My dad and BiL were slated to head out this spring until Boogaflu happened, and it got deferred to next year. They had even worked it out with the guide to get me out there in the event that they had tagged out before their week was up. I'll talk to them and see who their outfitter was, and if the guy has any openings for 2021. AB blackbears are some absolute bruisers. Dad's first (took it last year with his Xbow) wasn't overly big at 6'4" nose to tail and weighed in around 350lbs. I've seen some bigger ones hanging out on the side of some of the rural highways chowing down on roadkilled deer and moose over the summers too.


----------



## JSHart (Apr 18, 2020)

Black bear Canada... mike is a master. Lloyd Gares with trophy hunting outfitter in New Brunswick is another great guide with big big bear.


----------



## JSHart (Apr 18, 2020)

Correction... Lloyd Gates....


----------



## Jaded84 (Dec 6, 2020)

I’m excited to go on my first Black Bear hunt this spring in BC. Any general recommendations for the first time? I’ve been hunting with a rifle for 20 years, but new to bow and new to bears. Thanks!
(Sorry to Jack the thread, I can go somewhere else if needed)


----------



## IBBerg (Dec 14, 2020)

MtnOak said:


> I’m from Kentucky gang and wanting to bring home a brute of a black bear and I know Canada is where I need to go, can some of you point me in the right direction with a good bear outfitter/guide?? Any input would be very much appreciated......

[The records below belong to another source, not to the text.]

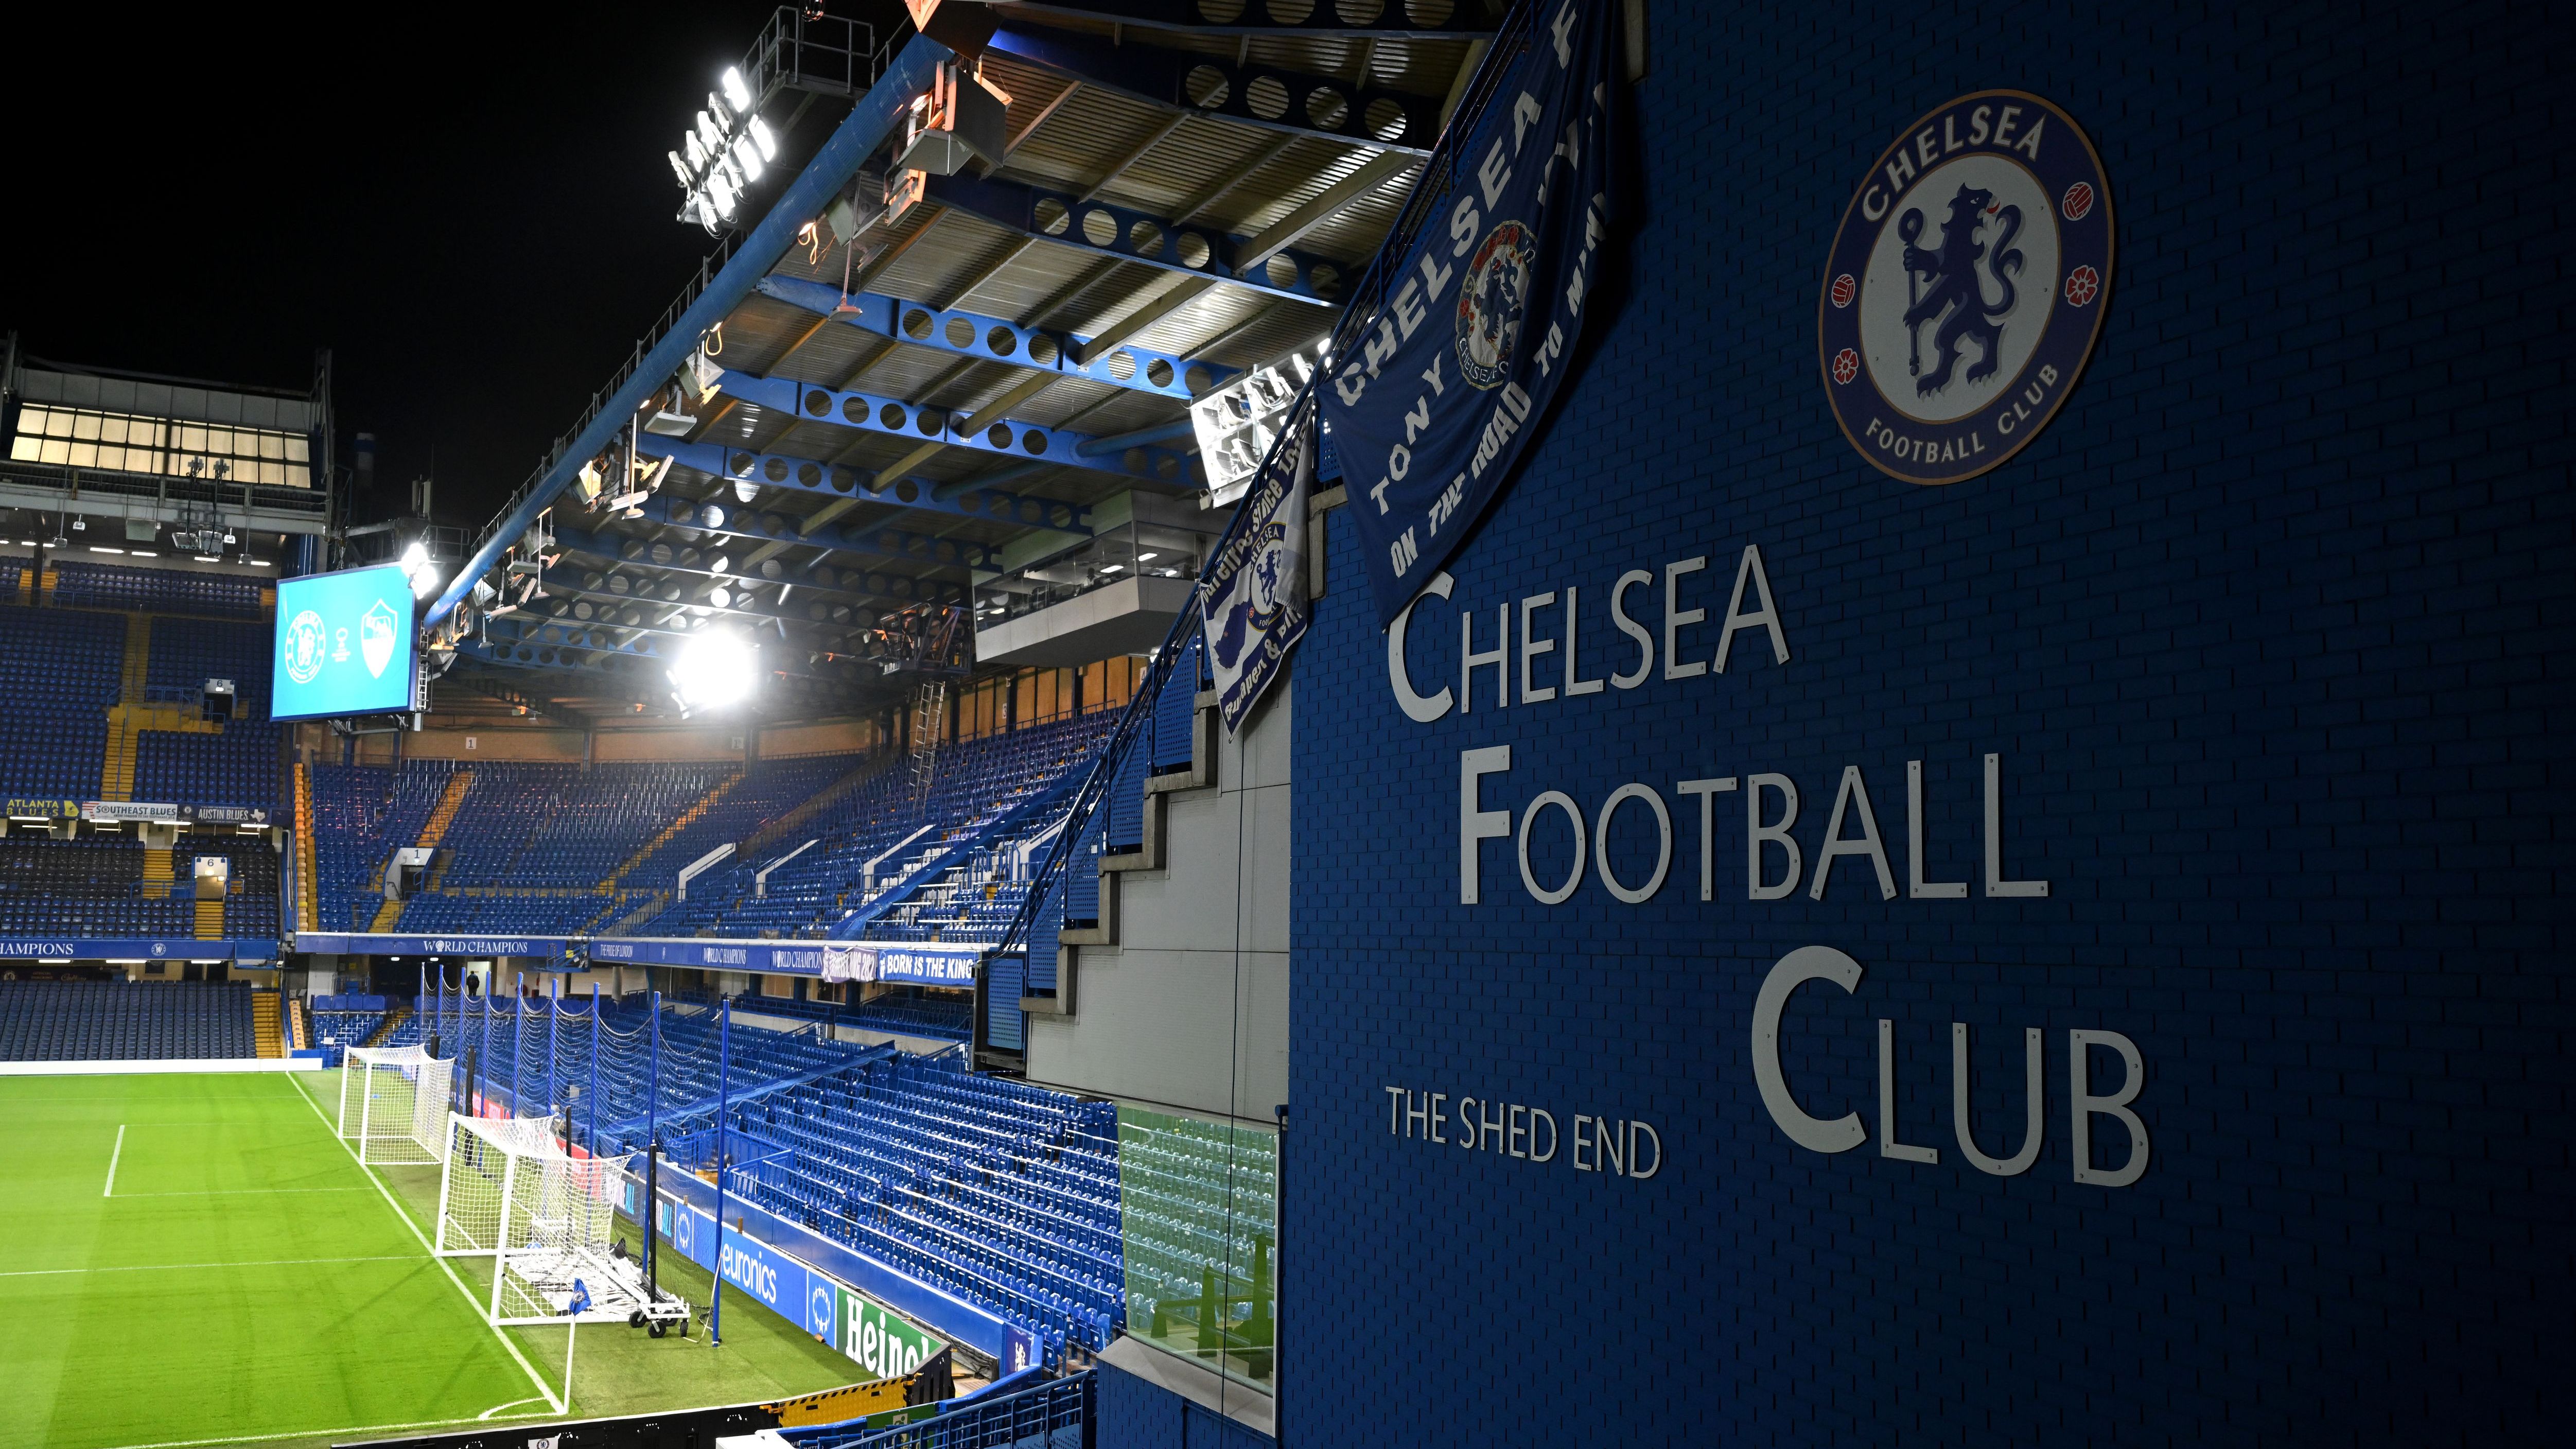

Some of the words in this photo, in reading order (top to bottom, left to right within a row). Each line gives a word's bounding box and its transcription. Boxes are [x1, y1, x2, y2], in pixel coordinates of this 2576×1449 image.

[1862, 105, 2046, 222] CHELSEA
[1336, 90, 1541, 406] CHELSEA
[1865, 417, 1985, 464] FOOTBALL
[1997, 363, 2058, 435] CLUB
[1370, 352, 1444, 515] TONY
[1391, 526, 1418, 578] ON
[1428, 472, 1465, 537] THE
[1534, 321, 1563, 378] TO
[1388, 544, 1790, 723] CHELSEA
[1265, 638, 1282, 660] &
[468, 739, 474, 748] 1
[6, 807, 59, 816] BLUES
[7, 798, 59, 809] ATLANTA
[96, 805, 148, 815] SOUTHEAST
[150, 807, 177, 816] BLUES
[198, 808, 224, 820] AUSTIN
[226, 809, 249, 820] BLUES
[1461, 744, 2049, 904] FOOTBALL
[207, 859, 214, 867] 6
[414, 849, 420, 858] 1
[423, 940, 466, 952] WORLD
[468, 941, 528, 953] CHAMPIONS
[704, 947, 719, 963] WORLD
[719, 948, 746, 965] CHAMPIONS
[773, 950, 791, 968] WORLD
[792, 951, 822, 969] CHAMPION
[887, 954, 913, 974] BORN
[914, 956, 924, 976] IS
[926, 957, 946, 978] THE
[947, 958, 974, 979] KING
[1751, 945, 2150, 1187] CLUB
[1385, 1086, 1447, 1144] THE
[1458, 1096, 1557, 1163] SHED
[1573, 1114, 1660, 1179] END
[723, 1243, 777, 1304] euronics

Northern AB is a great choice as baiting is legal, and there are lots of reputable outfitters based there. One is John & Jenn Rivet from Living the Dream Productions. They have had lots of experience and success guiding American residents for giant black bears. Another area I wouldn’t overlook is eastern Saskatchewan (seems they grow everything big in SK) as I have hunted blacks there as well. Hope this helps


----------



## Jaded84 (Dec 6, 2020)

A couple questions for you bear hunters....
I have less than zero interest in sitting over bait, so I’m wondering what specific tactics have been successful for you spot and stalk hunters. 
Most importantly, are you having most of the meat down in ground and sausage, or keeping a lot in whole cuts and roasts? Are you cooking bear roasts for dinner, or mostly stews?
I think this year will be my first go at black bear in BC, so I’m gathering info this spring and summer. 
thanks!


----------



## GNick94 (Nov 29, 2019)

MtnOak said:


> I’m from Kentucky gang and wanting to bring home a brute of a black bear and I know Canada is where I need to go, can some of you point me in the right direction with a good bear outfitter/guide?? Any input would be very much appreciated......

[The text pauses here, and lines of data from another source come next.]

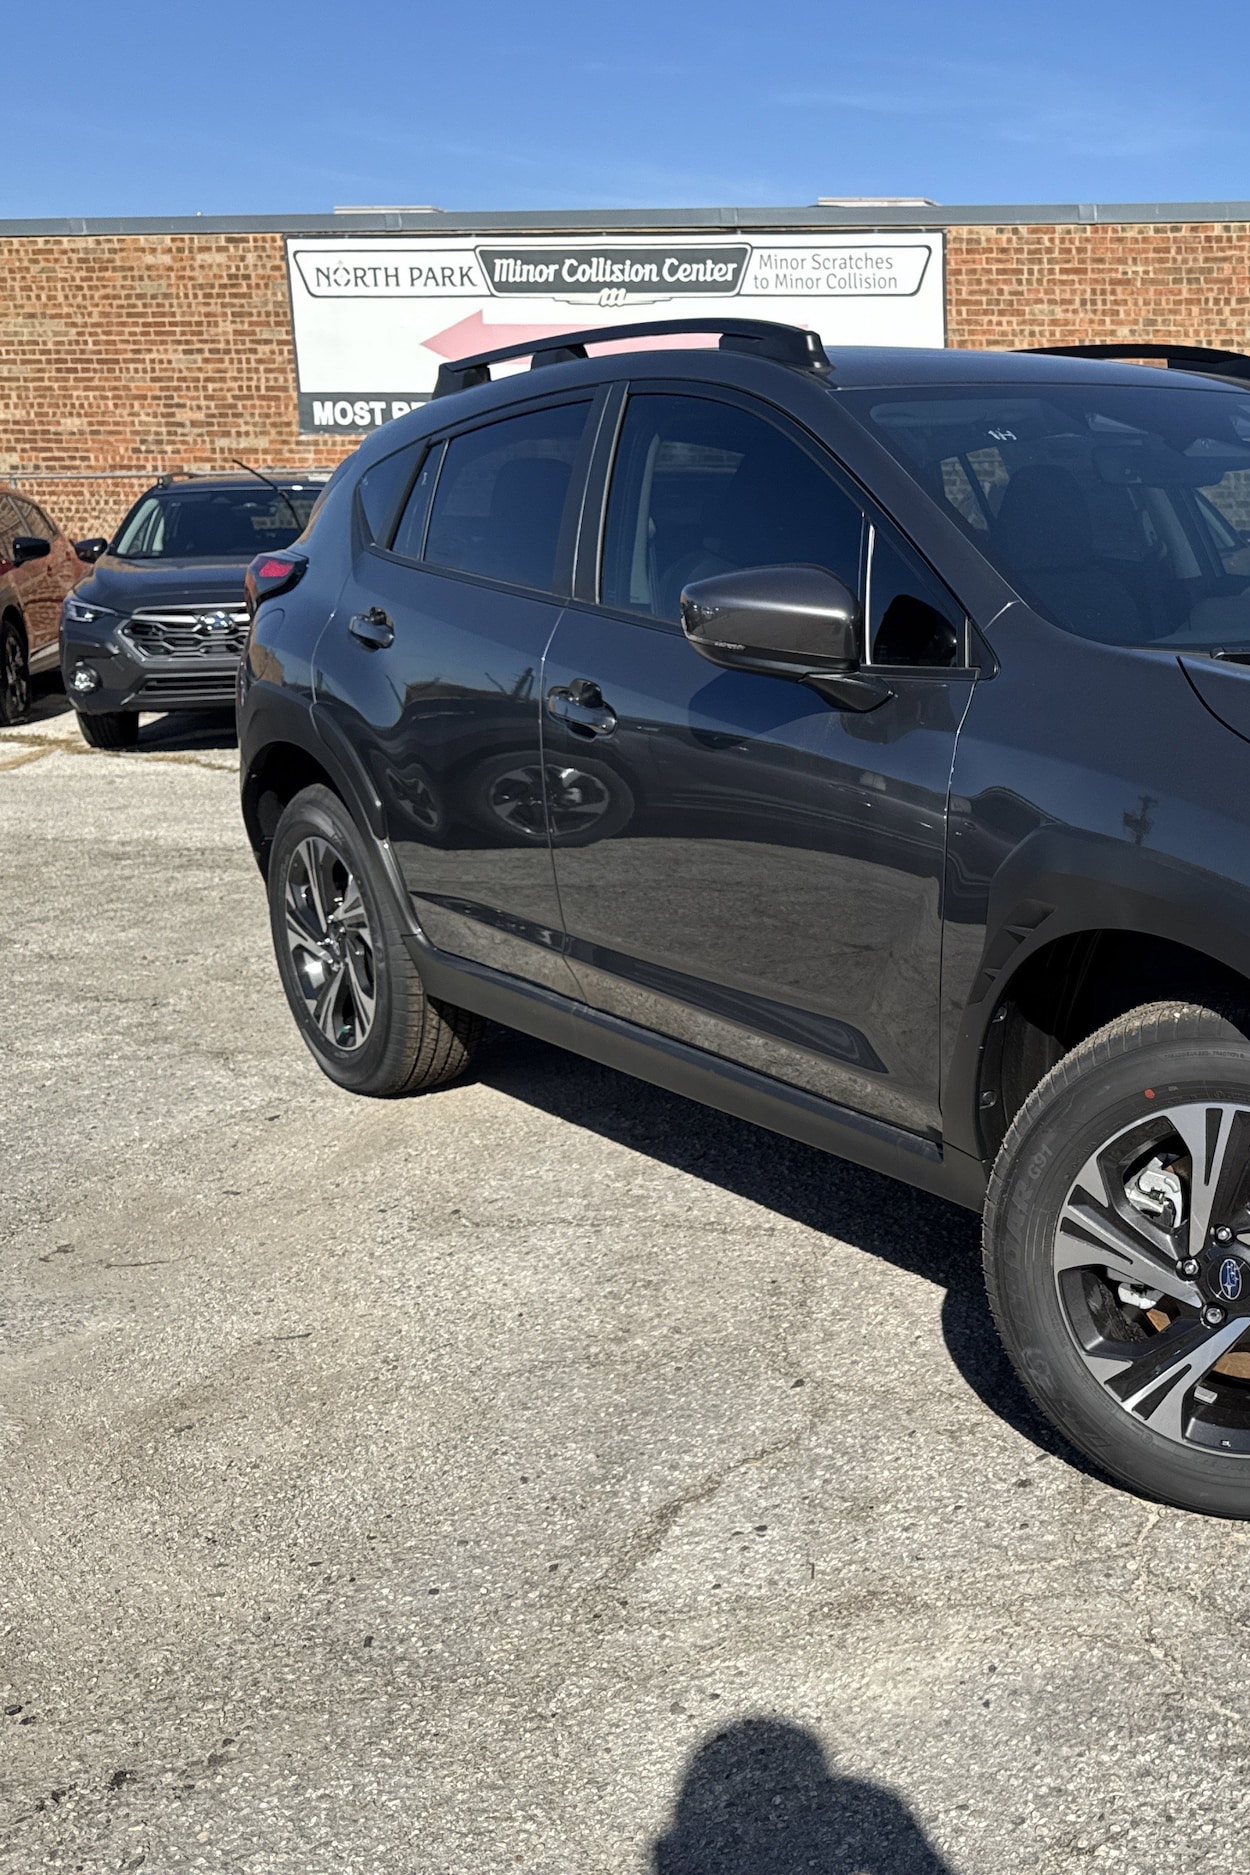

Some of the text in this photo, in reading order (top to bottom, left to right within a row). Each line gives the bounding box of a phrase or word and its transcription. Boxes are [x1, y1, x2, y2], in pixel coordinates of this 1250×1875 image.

[494, 257, 738, 282] Minor Collision Center
[759, 252, 893, 270] Minor Scratches
[316, 266, 478, 288] NORTH PARK
[754, 272, 897, 290] to Minor Collision
[312, 400, 386, 426] MOST
[1027, 1143, 1053, 1181] G91

Mikes outfitters AB. huge bears.Tons of opportunities. My friend and his dad shot monsters last season


----------



## MtnOak (Feb 7, 2016)

Thanks for the input guys keep em coming........

Jaded84 start your own bear thread.....


----------



## mbbowman (Mar 21, 2010)

Come hunt with me at www.stickflingers.com. YouTube Stickflingers and Rattling Junkie to watch videos from camp.


----------



## MtnOak (Feb 7, 2016)

mbbowman said:


> Come hunt with me at www.stickflingers.com. YouTube Stickflingers and Rattling Junkie to watch videos from camp.


PM coming....


----------



## paips (Jan 26, 2020)

IBBerg said:


> Northern AB is a great choice as baiting is legal, and there are lots of reputable outfitters based there. One is John & Jenn Rivet from Living the Dream Productions. They have had lots of experience and success guiding American residents for giant black bears. Another area I wouldn’t overlook is eastern Saskatchewan (seems they grow everything big in SK) as I have hunted blacks there as well. Hope this helps


Yes , this is a good place for big bears. I hunted there for bears, not with an oufitter but always went home happy. Also, its not that far from Edmonton so your landing at a major airport where they will pick u up.


----------



## MtnOak (Feb 7, 2016)

As far as I know you can’t get into Canada right now and I don’t think that’s gonna lift until summer unless some of you guys know something different I don’t know???


----------



## bowtech2006 (Apr 1, 2006)

MtnOak said:


> As far as I know you can’t get into Canada right now and I don’t think that’s gonna lift until summer unless some of you guys know something different I don’t know???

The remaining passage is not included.